Idul Fitri Berarti Kembali kepada Fitrah

Idul Fitri Berarti Kembali kepada Fitrah


Bagi umat Islam, Hari Raya Idul Fitri memiliki makna yang sangat mendalam. Kehadirannya senantiasa disambut dengan penuh antusias. Idul Fitri dianggap sebagai hari kemenangan melawan segala hawa nafsu. Pada hari itu, umat Islam kembali kepada fitrah. Ibarat terlahir kembali ke dunia dalam keadaan suci. Bagaimana sebaiknya umat Islam memaknai Hari Raya Idul Fitri? Apa makna fitrah yang sesungguhnya? Berikut wawancara Fauziah Mursid dari BERITA UIN Online dengan Dekan Fakultas Dirasat Islamiyah (FDI) Prof Dr Abuddin Nata MA seusai memberikan ceramah pada buka puasa bersama pimpinan dan karyawan UIN Jakarta di Aula Student Center, Kamis (18/8).

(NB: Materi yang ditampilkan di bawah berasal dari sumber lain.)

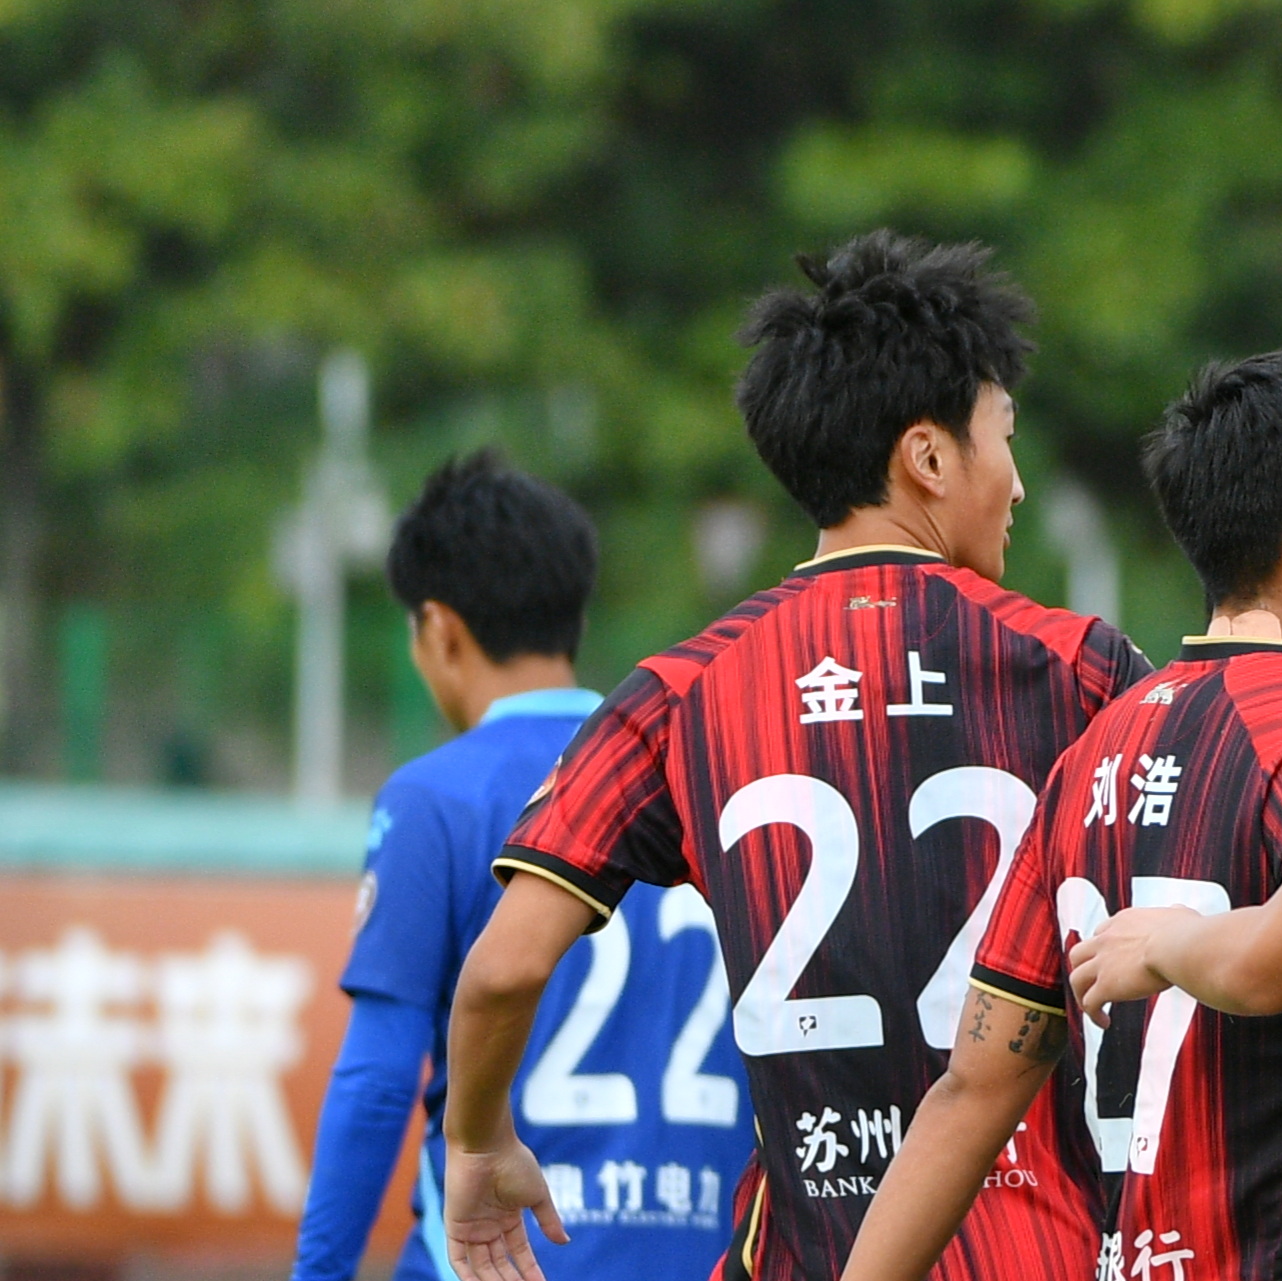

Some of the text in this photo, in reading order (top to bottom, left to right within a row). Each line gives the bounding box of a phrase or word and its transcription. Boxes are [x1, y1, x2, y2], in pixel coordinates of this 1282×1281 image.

[794, 650, 953, 724] 金上
[1083, 752, 1184, 827] 刘浩
[717, 765, 1039, 1057] 22
[522, 882, 739, 1125] 22
[803, 1175, 878, 1198] BANK
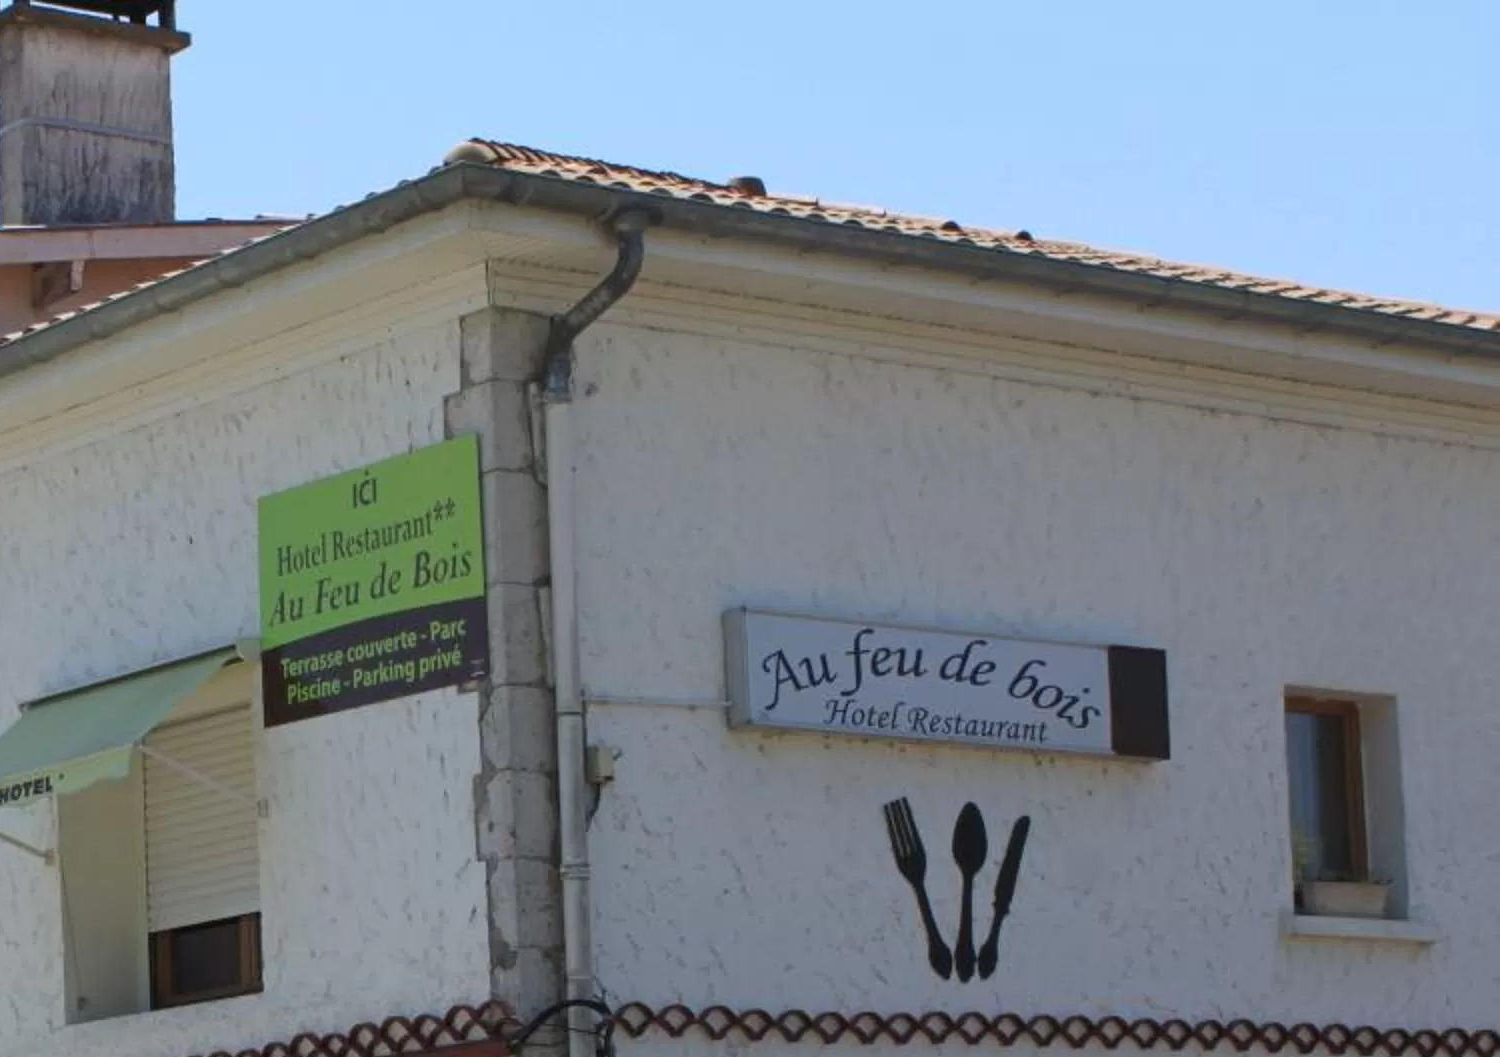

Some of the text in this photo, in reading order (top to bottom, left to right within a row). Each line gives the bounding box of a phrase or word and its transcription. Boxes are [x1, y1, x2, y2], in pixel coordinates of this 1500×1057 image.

Bagaimana pandangan Anda mengenai Hari Raya Idul Fitri?

Hari Raya Idul Fitri memiliki makna kembali kepada fitrah. Kembali yang dimaksud adalah kembali pada kehidupan yang lurus. Menurut Prof Dr Muhammad Quraish Shihab makna fitrah ada tiga, yakni fitrah kepada kebenaran yang menghasilkan ilmu, fitrah kepada kebaikan yang menghasilkan etika, dan fitrah kepada keindahan yang menghasilkan seni. Perpaduan antara ilmu, etika, dan seni itulah yang membuat hidup kita menjadi utuh, damai, dan tertib.

Hari Raya Idul Fitri erat kaitannya dengan Ramadan, nah bagaimana makna fitrah jika dikaitkan dengan Ramadan?

Proses menuju fitrah ini tentu saja tidak terlepas dari kehadiran bulan Ramadan yaitu melalui puasa. Karena dengan berpuasa dapat mengembalikan kehidupan yang sebenarnya.

Maksudnya?

Fitrah itu ditempuh melalui berbagai macam cara dan puasa ini salah satunya. Pertama, puasa dapat mengajarkan kepada kita pola konsumsi yang benar. Dengan berpuasa kita dituntut untuk menahan hawa nafsu dan makan tidak berlebihan. Dengan pola yang teratur seperti ini tentu kita akan terhindar dari berbagai macam penyakit. Dan ini disebut fitrah secara fisik.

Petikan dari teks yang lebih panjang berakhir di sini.